I am going to use my paternal grandfather's family for this one. Not the saddest story in the family, but the saddest that I have photos for. I feel my grandfather, Ted Gardner, was a very sad man. He expressed it as bitterness towards the world.
He was my scary grandpa. He would stomp on my toes--really hard, so it hurt-- with his cane. I really didn't like him. He was bigoted, and hated just about everyone. After my parents divorced when I was ten, we didn't go and visit him anymore, and I was not sad about this in the least. The only thing about him that I missed was the yard his house in Pasadena, Calif. He had the most cushiony Saint Augustine grass in his front yard, with a Deodore cedar tree that gave the most luxurious shade in the hot climate. He had concord grapes on an arbor over his back porch. He had a Meyer lemon tree, also. This exercise has helped me to understand, a little, where his hatefulness came from.
My great grandparents had 5 children. The eldest and youngest died when they were young adults.
My great aunt Alice Cornelia Gardner, according to family legend, was a very sweet, good-natured, and talented woman. She was born on her parents' sheep ranch up Carnero creek canyon in Saguache county, Colorado, USA, in 1903. She went to France in the late 1920's to study art. (Both of her sisters were artist's also, but I don't think they studied abroad. They both painted.) She got a teacher's credential, and taught school. She did not marry. She died of acute appendicitis at age 31, in 1935.

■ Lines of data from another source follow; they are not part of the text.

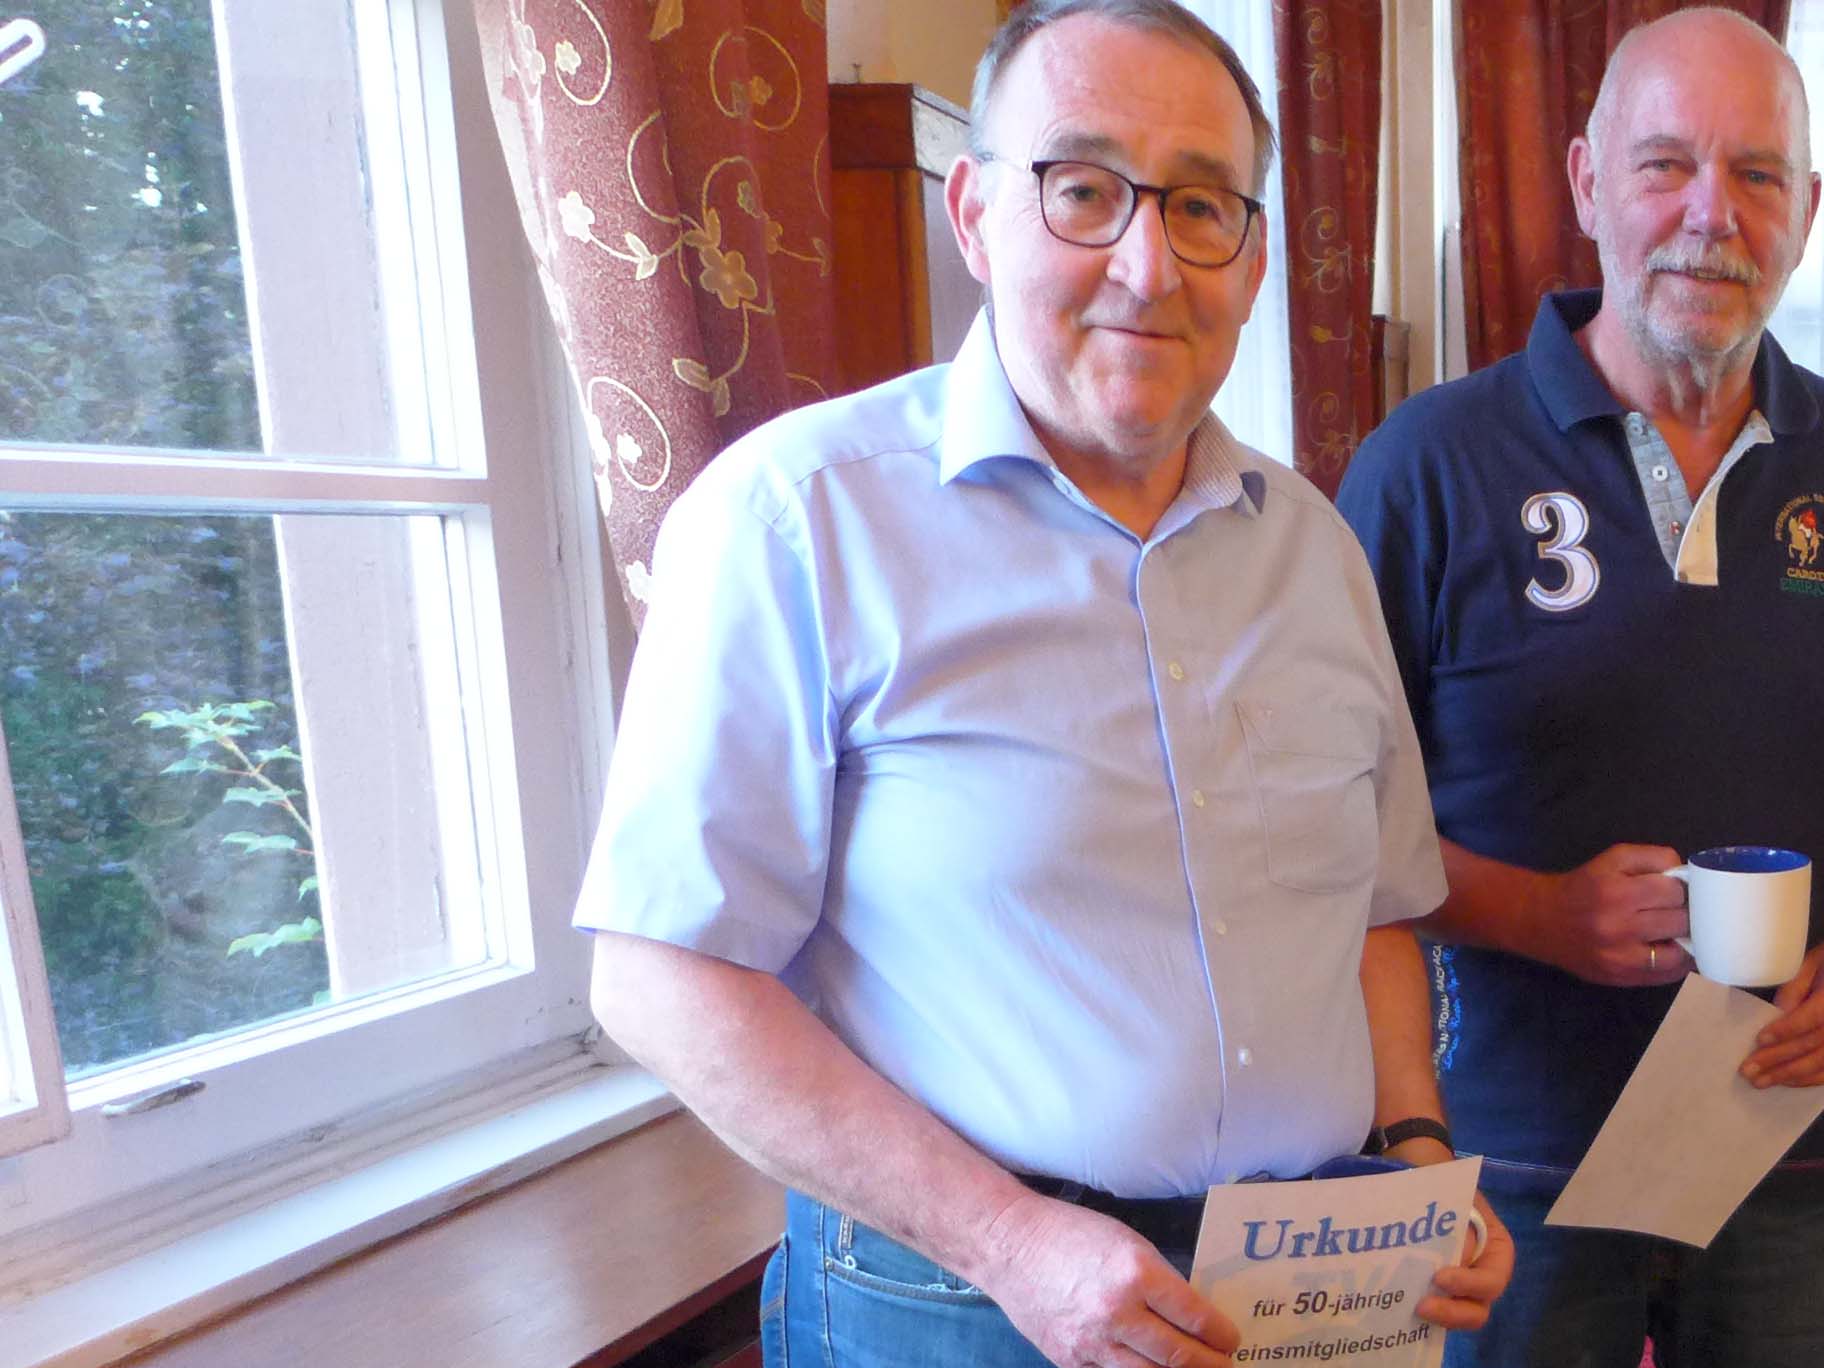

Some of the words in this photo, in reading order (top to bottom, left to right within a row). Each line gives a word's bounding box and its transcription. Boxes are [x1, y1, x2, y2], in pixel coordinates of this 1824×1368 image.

[1521, 492, 1600, 611] 3
[1243, 1201, 1457, 1261] Urkunde
[1253, 1299, 1285, 1318] für
[1292, 1289, 1405, 1317] 50-jährige
[1228, 1324, 1430, 1362] einsmitgliedschaft

The youngest brother, Stephen, born in 1924, dropped out of high school after 11th grade, married and had a son. He enlisted for WWII. He died of an illness that he caught in the service in the south Pacific, in 1946, at age 22.
I remember my grandfather as a real grouch. He didn't like anyone or anything. I suspect that these early losses of his siblings gave a basis for his unhappiness. His own wife, Hazel, died relatively young, when I was 6 months old. She was born in 1909, so she would have been 50 when she died. She died of asthma. My mother said that she was a really sweet lady, and that my grandfather (her father-in-law) really changed when she died. She felt that that loss was what embittered him.
Ted and Hazel had 3 children. My father was the oldest. The youngest, my aunt Jeanene, had three children. Then she died of lupus, when she was 29 years old. That was in 1967. I was 8. It was so painful for her husband that he took the children and went back east somewhere, without leaving any address. The family was completely out of touch with them for many years.
My grandfather was born in1906. Death milestones in his life:
His father's parents died lived in Illinois, and his grandfather had died before he was born. He probably didn't know either of them. He probably knew his maternal grandparents. They lived in Colorado, in the next county over, so they probably visited occasionally. His grandfather died when he was 5. His grandmother died when he was 18. His sister died when he was 29. His brother died when he was 40. His father died when he was 41. His mother died when he was 44. His wife died when he was 53. His daughter died when he was 61. My parents divorced when he was 63, and he didn't get to see any of his grandchildren much after that. His other son lived for a while in Germany, and then moved to Bellingham, Washington, so he rarely got to see those grandkids. They were a long ways away. Ted died in 1975, a bitter and lonely man.